Stored data entries

=== Section Start ===

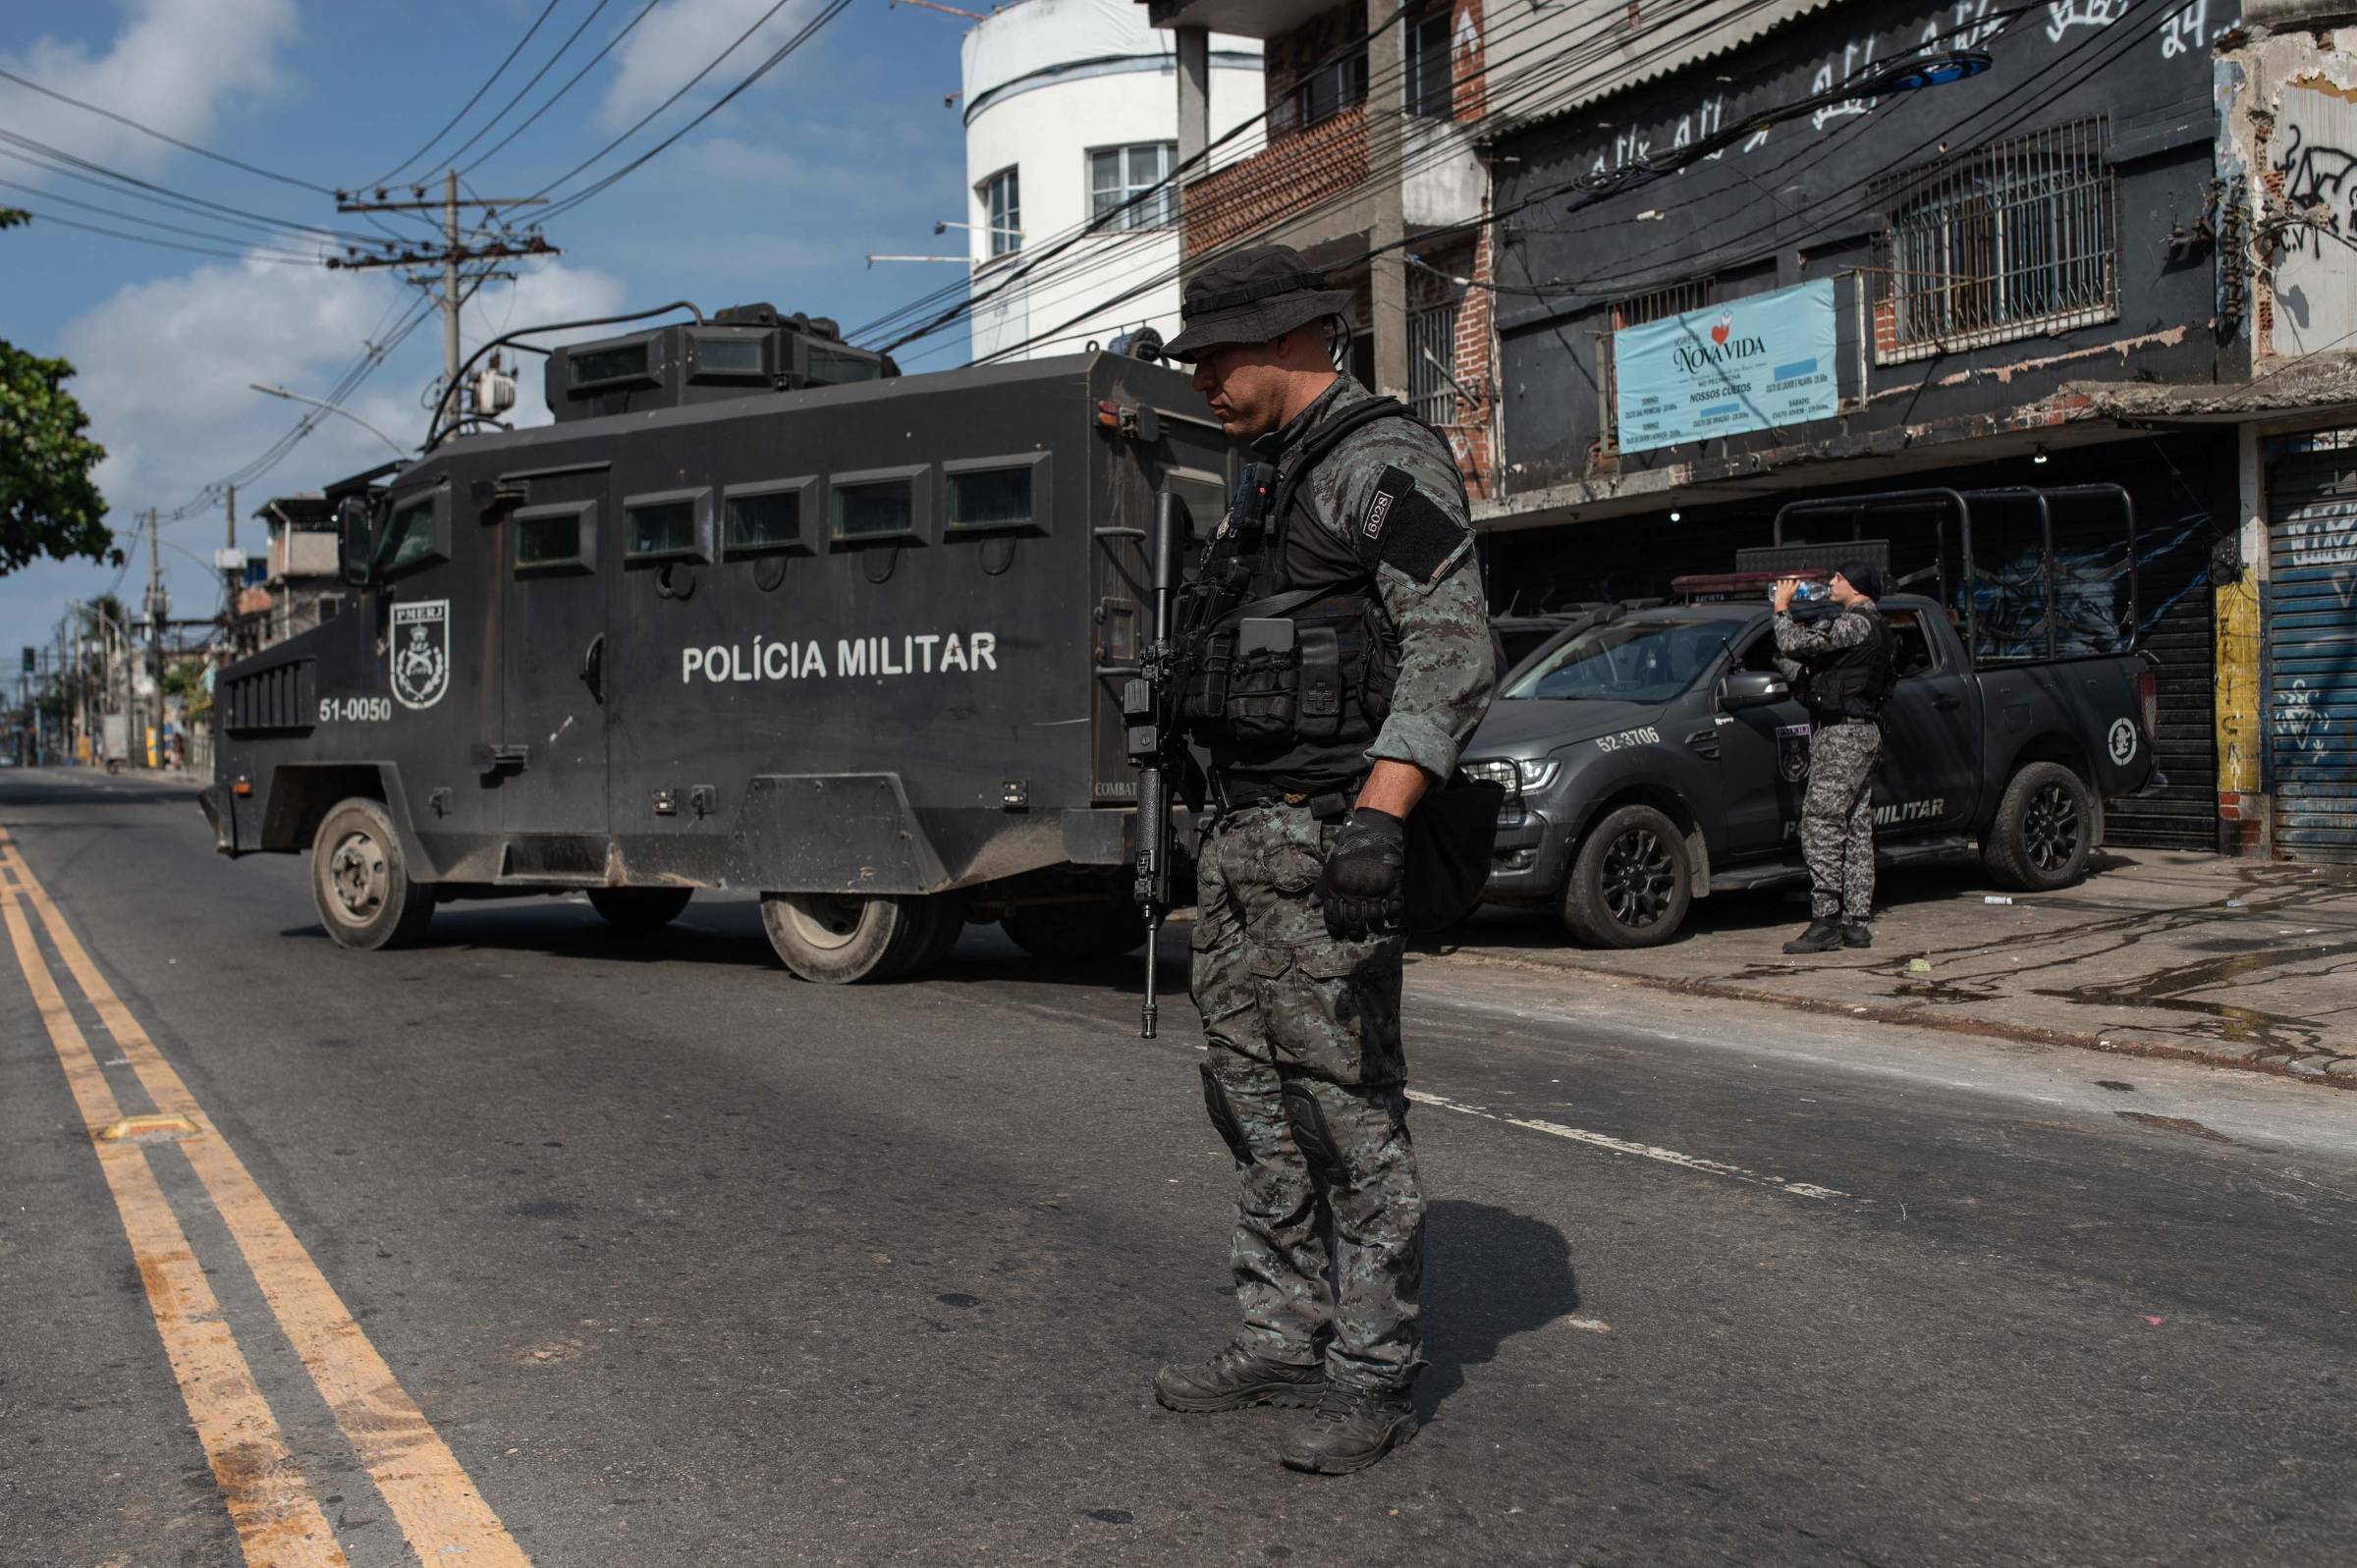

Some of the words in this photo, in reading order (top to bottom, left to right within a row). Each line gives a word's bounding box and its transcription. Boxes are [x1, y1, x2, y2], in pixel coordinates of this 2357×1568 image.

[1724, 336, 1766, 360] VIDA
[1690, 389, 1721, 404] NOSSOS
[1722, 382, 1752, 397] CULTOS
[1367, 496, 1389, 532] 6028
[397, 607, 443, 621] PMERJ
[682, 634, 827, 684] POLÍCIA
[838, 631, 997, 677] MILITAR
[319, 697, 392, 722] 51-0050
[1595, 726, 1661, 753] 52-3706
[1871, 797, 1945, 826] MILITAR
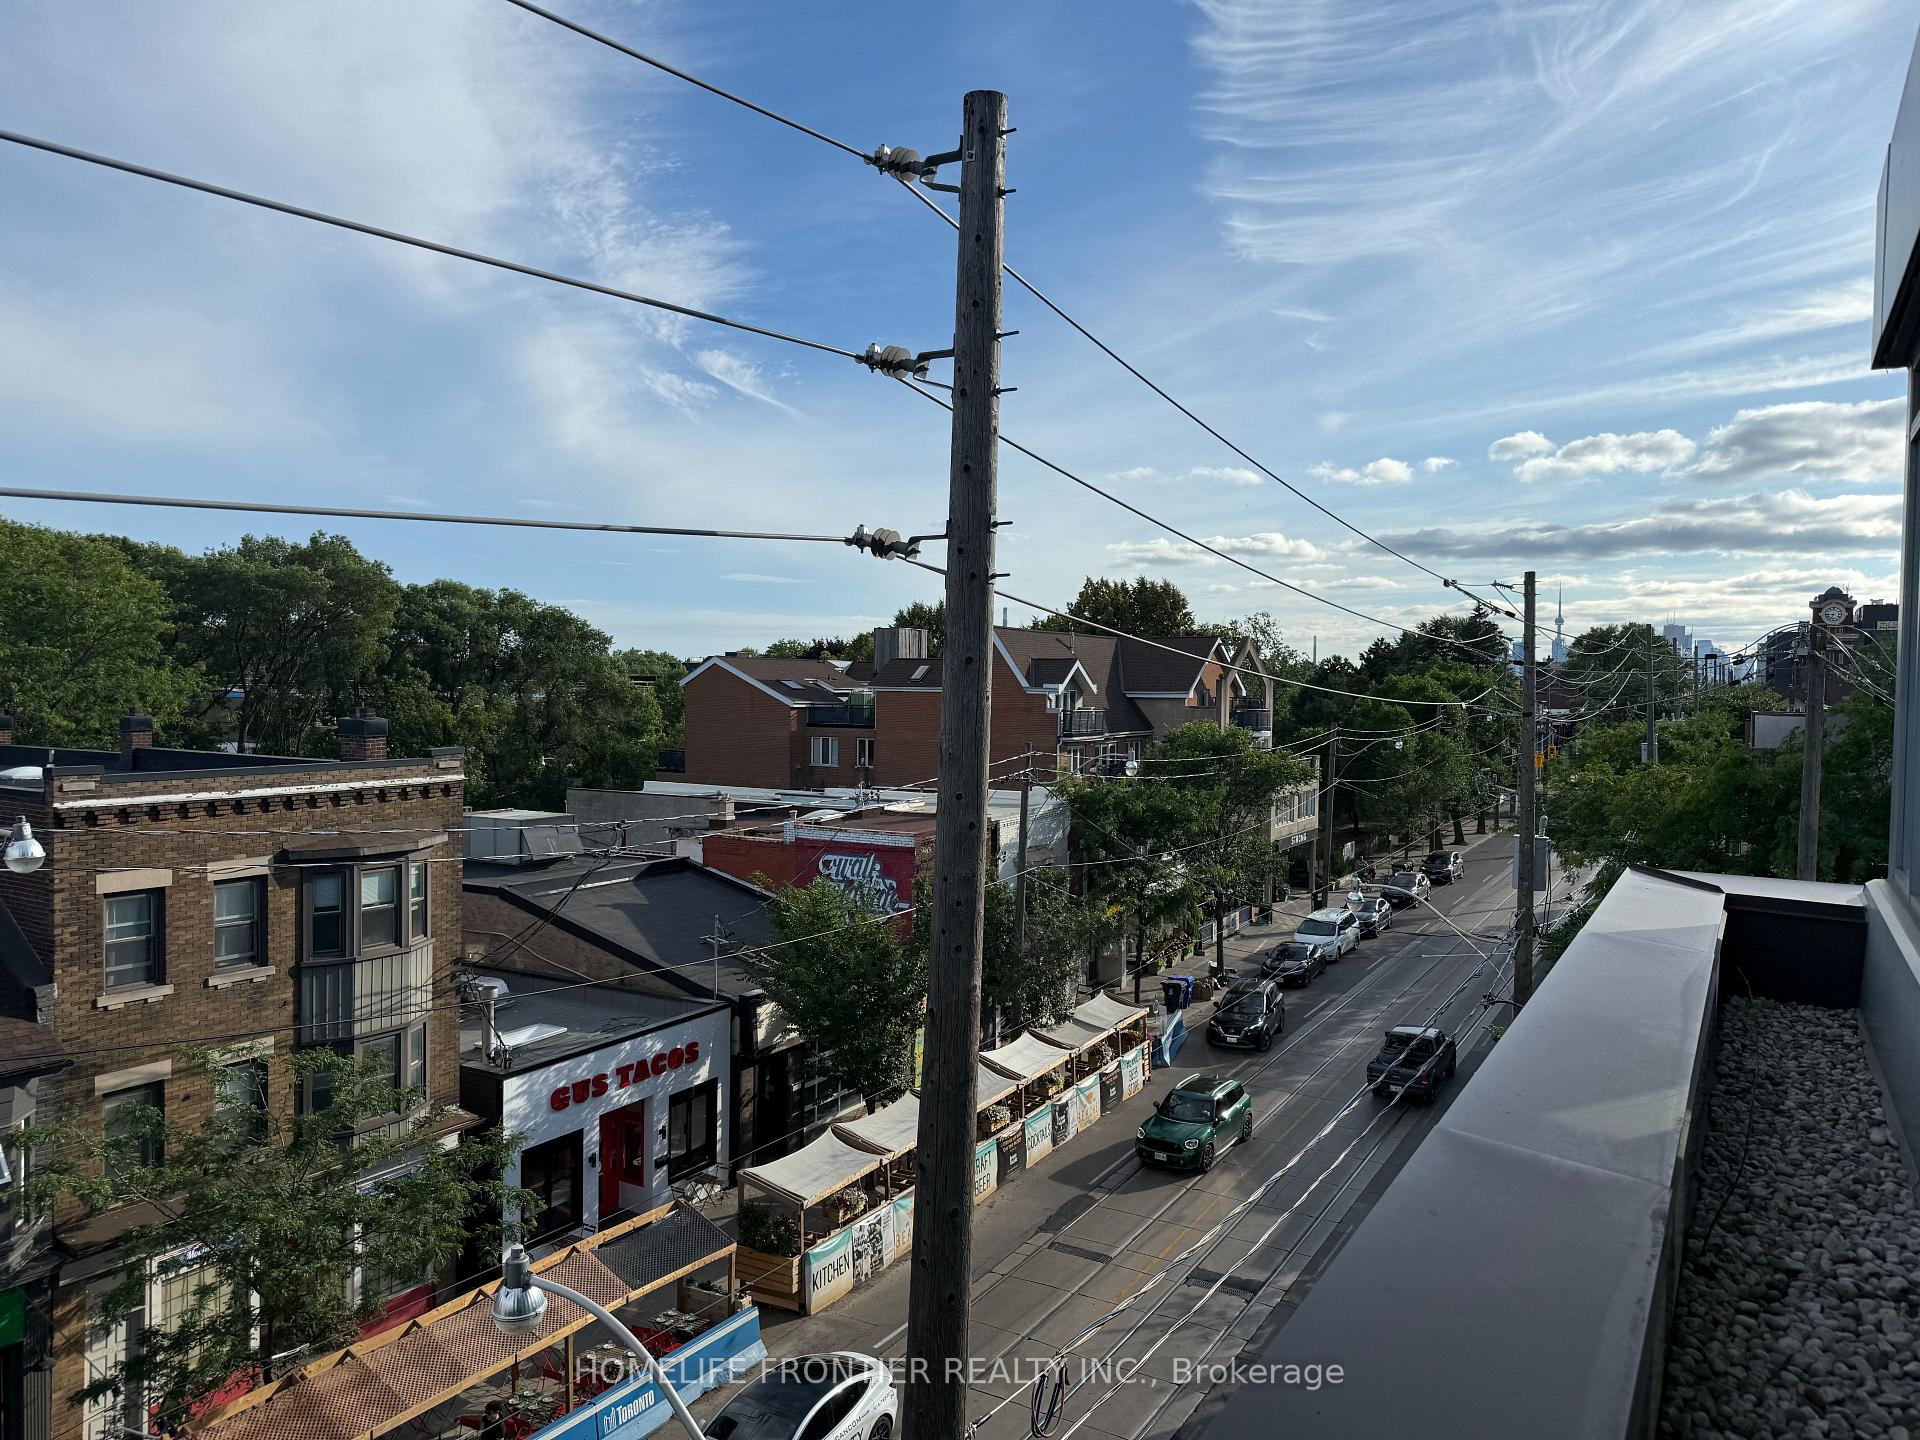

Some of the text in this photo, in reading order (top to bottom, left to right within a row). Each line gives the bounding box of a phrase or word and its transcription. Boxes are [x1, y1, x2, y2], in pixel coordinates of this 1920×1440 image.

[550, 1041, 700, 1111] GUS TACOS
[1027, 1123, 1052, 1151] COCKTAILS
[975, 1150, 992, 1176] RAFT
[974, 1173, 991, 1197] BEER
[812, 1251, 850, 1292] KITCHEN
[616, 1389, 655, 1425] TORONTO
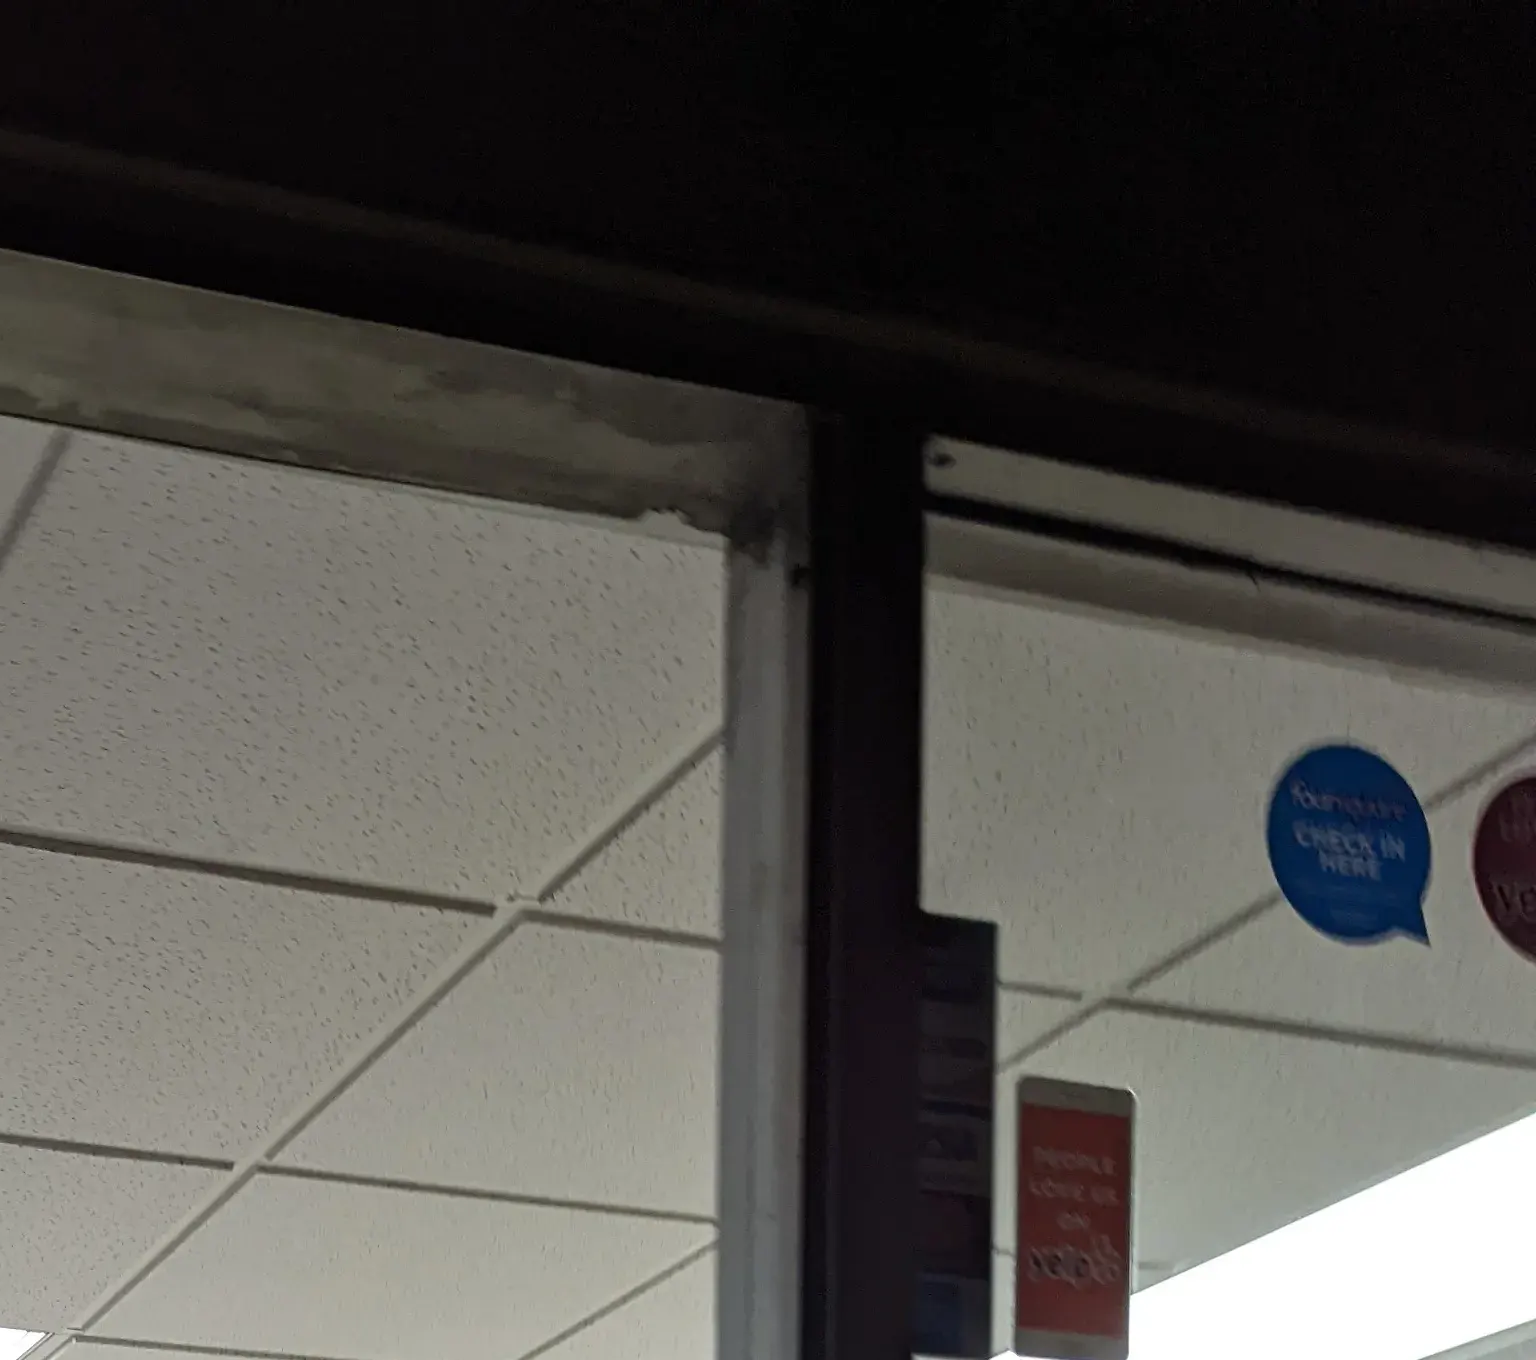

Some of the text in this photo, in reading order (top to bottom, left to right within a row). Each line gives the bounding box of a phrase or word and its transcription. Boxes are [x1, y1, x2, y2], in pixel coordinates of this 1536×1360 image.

=== Section End ===

WHAT IS EXPECTED
Every line in the records is to be retyped exactly as it stands; the pictures stay out.

OUTPUT FOR THIS TASK
Some of the words in this photo, in reading order (top to bottom, left to right within a row). Each line gives a word's bounding box and its transcription. Boxes are [x1, y1, x2, y2], in pixel coordinates of this 2357×1568 image.

[1724, 336, 1766, 360] VIDA
[1690, 389, 1721, 404] NOSSOS
[1722, 382, 1752, 397] CULTOS
[1367, 496, 1389, 532] 6028
[397, 607, 443, 621] PMERJ
[682, 634, 827, 684] POLÍCIA
[838, 631, 997, 677] MILITAR
[319, 697, 392, 722] 51-0050
[1595, 726, 1661, 753] 52-3706
[1871, 797, 1945, 826] MILITAR

Some of the text in this photo, in reading order (top to bottom, left to right within a row). Each line gives the bounding box of a phrase or word and its transcription. Boxes are [x1, y1, x2, y2], in pixel coordinates of this 1920×1440 image.

[550, 1041, 700, 1111] GUS TACOS
[1027, 1123, 1052, 1151] COCKTAILS
[975, 1150, 992, 1176] RAFT
[974, 1173, 991, 1197] BEER
[812, 1251, 850, 1292] KITCHEN
[616, 1389, 655, 1425] TORONTO

Some of the text in this photo, in reading order (top to bottom, left to right within a row). Each line gives the bounding box of a phrase or word and its transcription. Boxes are [x1, y1, x2, y2], in pixel coordinates of this 1536×1360 image.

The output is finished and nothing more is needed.